Please copy out all the data. Every detail stays the same.

(Dataset entries)
□ □ □ □ □

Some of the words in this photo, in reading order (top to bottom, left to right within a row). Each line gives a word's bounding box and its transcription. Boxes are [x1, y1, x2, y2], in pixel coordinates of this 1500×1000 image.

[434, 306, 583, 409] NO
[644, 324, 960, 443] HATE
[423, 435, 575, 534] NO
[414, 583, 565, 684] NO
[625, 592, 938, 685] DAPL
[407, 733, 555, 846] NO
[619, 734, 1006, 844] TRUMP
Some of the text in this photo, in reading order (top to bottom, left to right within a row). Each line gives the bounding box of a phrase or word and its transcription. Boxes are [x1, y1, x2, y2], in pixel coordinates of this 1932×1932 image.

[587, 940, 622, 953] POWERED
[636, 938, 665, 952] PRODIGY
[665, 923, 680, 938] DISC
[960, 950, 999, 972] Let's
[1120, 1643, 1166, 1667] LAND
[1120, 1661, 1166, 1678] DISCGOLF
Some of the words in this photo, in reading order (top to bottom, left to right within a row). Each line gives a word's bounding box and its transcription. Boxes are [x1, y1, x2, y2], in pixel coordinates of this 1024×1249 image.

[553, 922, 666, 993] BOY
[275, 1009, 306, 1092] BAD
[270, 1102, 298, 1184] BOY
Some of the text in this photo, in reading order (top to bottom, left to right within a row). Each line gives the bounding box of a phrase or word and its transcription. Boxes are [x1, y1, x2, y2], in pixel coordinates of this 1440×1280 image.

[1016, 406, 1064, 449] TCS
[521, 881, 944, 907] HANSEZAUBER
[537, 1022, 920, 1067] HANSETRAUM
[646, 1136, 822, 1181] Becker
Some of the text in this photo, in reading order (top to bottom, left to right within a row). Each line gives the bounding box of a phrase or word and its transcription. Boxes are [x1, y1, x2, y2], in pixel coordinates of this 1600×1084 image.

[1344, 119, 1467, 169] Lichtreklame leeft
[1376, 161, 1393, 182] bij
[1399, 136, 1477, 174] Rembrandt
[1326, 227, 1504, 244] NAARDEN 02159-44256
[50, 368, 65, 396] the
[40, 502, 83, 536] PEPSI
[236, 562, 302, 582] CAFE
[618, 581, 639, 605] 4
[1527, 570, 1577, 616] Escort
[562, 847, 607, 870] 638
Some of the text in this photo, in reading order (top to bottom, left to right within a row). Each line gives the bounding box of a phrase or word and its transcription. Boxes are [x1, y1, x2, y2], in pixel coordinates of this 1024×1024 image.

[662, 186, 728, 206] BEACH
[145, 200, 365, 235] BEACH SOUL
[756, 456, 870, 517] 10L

□ □ □ □ □

● Exercise result
Some of the words in this photo, in reading order (top to bottom, left to right within a row). Each line gives a word's bounding box and its transcription. Boxes are [x1, y1, x2, y2], in pixel coordinates of this 1500×1000 image.

[434, 306, 583, 409] NO
[644, 324, 960, 443] HATE
[423, 435, 575, 534] NO
[414, 583, 565, 684] NO
[625, 592, 938, 685] DAPL
[407, 733, 555, 846] NO
[619, 734, 1006, 844] TRUMP
Some of the text in this photo, in reading order (top to bottom, left to right within a row). Each line gives the bounding box of a phrase or word and its transcription. Boxes are [x1, y1, x2, y2], in pixel coordinates of this 1932×1932 image.

[587, 940, 622, 953] POWERED
[636, 938, 665, 952] PRODIGY
[665, 923, 680, 938] DISC
[960, 950, 999, 972] Let's
[1120, 1643, 1166, 1667] LAND
[1120, 1661, 1166, 1678] DISCGOLF
Some of the words in this photo, in reading order (top to bottom, left to right within a row). Each line gives a word's bounding box and its transcription. Boxes are [x1, y1, x2, y2], in pixel coordinates of this 1024×1249 image.

[553, 922, 666, 993] BOY
[275, 1009, 306, 1092] BAD
[270, 1102, 298, 1184] BOY
Some of the text in this photo, in reading order (top to bottom, left to right within a row). Each line gives the bounding box of a phrase or word and its transcription. Boxes are [x1, y1, x2, y2], in pixel coordinates of this 1440×1280 image.

[1016, 406, 1064, 449] TCS
[521, 881, 944, 907] HANSEZAUBER
[537, 1022, 920, 1067] HANSETRAUM
[646, 1136, 822, 1181] Becker
Some of the text in this photo, in reading order (top to bottom, left to right within a row). Each line gives the bounding box of a phrase or word and its transcription. Boxes are [x1, y1, x2, y2], in pixel coordinates of this 1600×1084 image.

[1344, 119, 1467, 169] Lichtreklame leeft
[1376, 161, 1393, 182] bij
[1399, 136, 1477, 174] Rembrandt
[1326, 227, 1504, 244] NAARDEN 02159-44256
[50, 368, 65, 396] the
[40, 502, 83, 536] PEPSI
[236, 562, 302, 582] CAFE
[618, 581, 639, 605] 4
[1527, 570, 1577, 616] Escort
[562, 847, 607, 870] 638
Some of the text in this photo, in reading order (top to bottom, left to right within a row). Each line gives the bounding box of a phrase or word and its transcription. Boxes are [x1, y1, x2, y2], in pixel coordinates of this 1024×1024 image.

[662, 186, 728, 206] BEACH
[145, 200, 365, 235] BEACH SOUL
[756, 456, 870, 517] 10L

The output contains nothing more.